Figure 4.

The glycolytic side-product MGO activates nuclear translocation of HIF-1α by inducing post-translational glycation and inhibition of PHD2 activity. IP of MGO-protein adducts (MGO adds) (A) or PHD2 (B) on HUVEC treated (MGO) or not (Ctr) with 200 µM MGO for 6 h, using a specific antibody for MGO modified proteins (A) or a specific anti-PHD2 antibody (B), respectively. Mouse IgG were used as control.

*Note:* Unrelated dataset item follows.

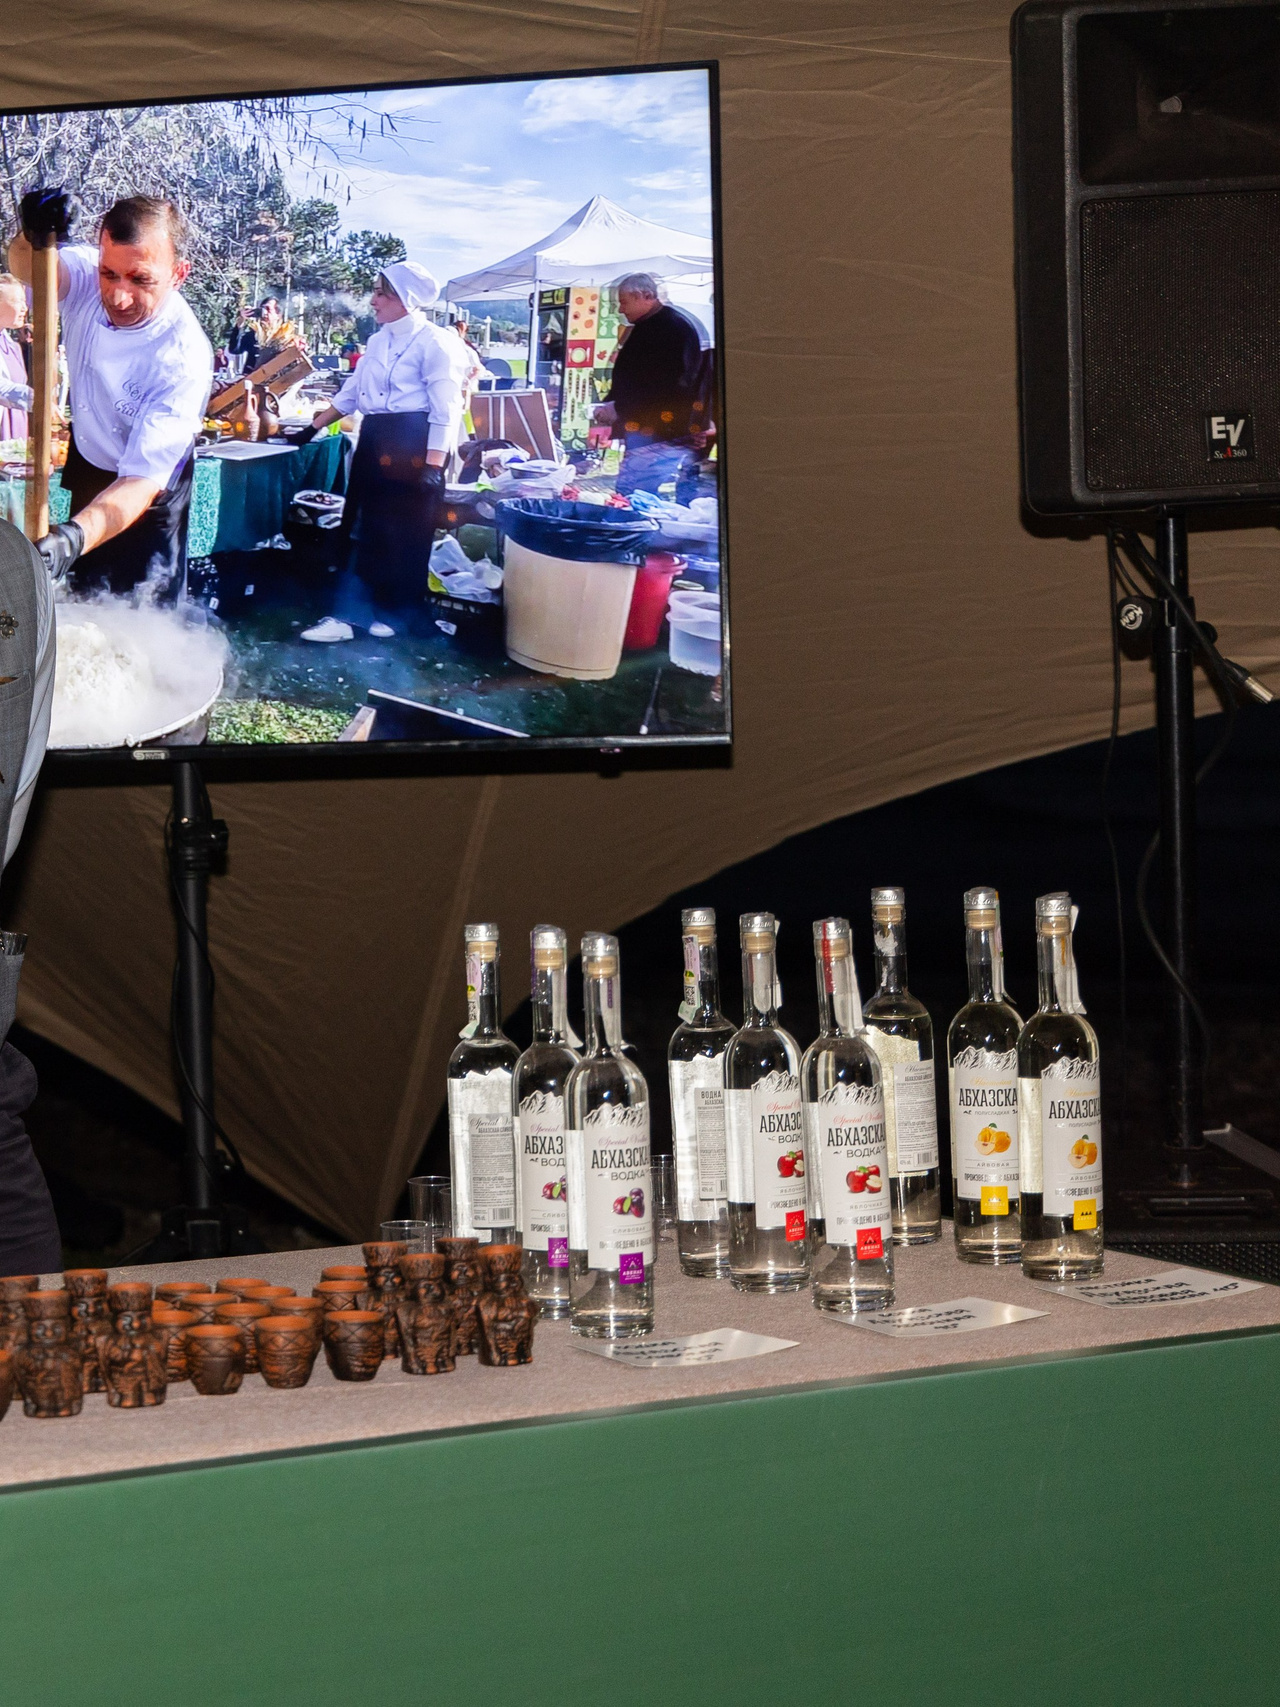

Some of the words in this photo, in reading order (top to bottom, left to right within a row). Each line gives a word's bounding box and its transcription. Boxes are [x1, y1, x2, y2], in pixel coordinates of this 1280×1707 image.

[1211, 416, 1245, 446] EV
[524, 1135, 564, 1155] АБХАЗ
[846, 1146, 882, 1159] ВОДКА
[611, 1170, 645, 1181] ВОДКА

Total cell lysates (Input) and immunoprecipitates were immunoblotted for PHD2 and MGO protein adducts (A,B). In the presence of oxygen, HIF-1α is rapidly hydroxylated by PHD2 to generate (Pro-OH) HIF-1α, which is degraded through the ubiquitin-proteasome pathway; proteasome inhibition with MG132 led to Pro-OH HIF-1α increase, and adding MGO prevented (Pro-OH) HIF-1α increase and led to HIF-1α nuclear translocation (C). Western blot analysis for (Pro-OH) HIF-1α in total extracts (D), and non-hydroxylated HIF-1α in nuclear extracts (E) from HUVEC, treated or untreated (UCtr) with the proteasome inhibitor MG132 (10µM) for 6 h, with or without MGO, in the presence or absence of Car. Bars represent mean ± SEM. Post hoc multiple comparison: *** p < 0.001 or * p < 0.05 vs. Ctr; ††† p < 0.001 or †† p < 0.01 vs. MGO.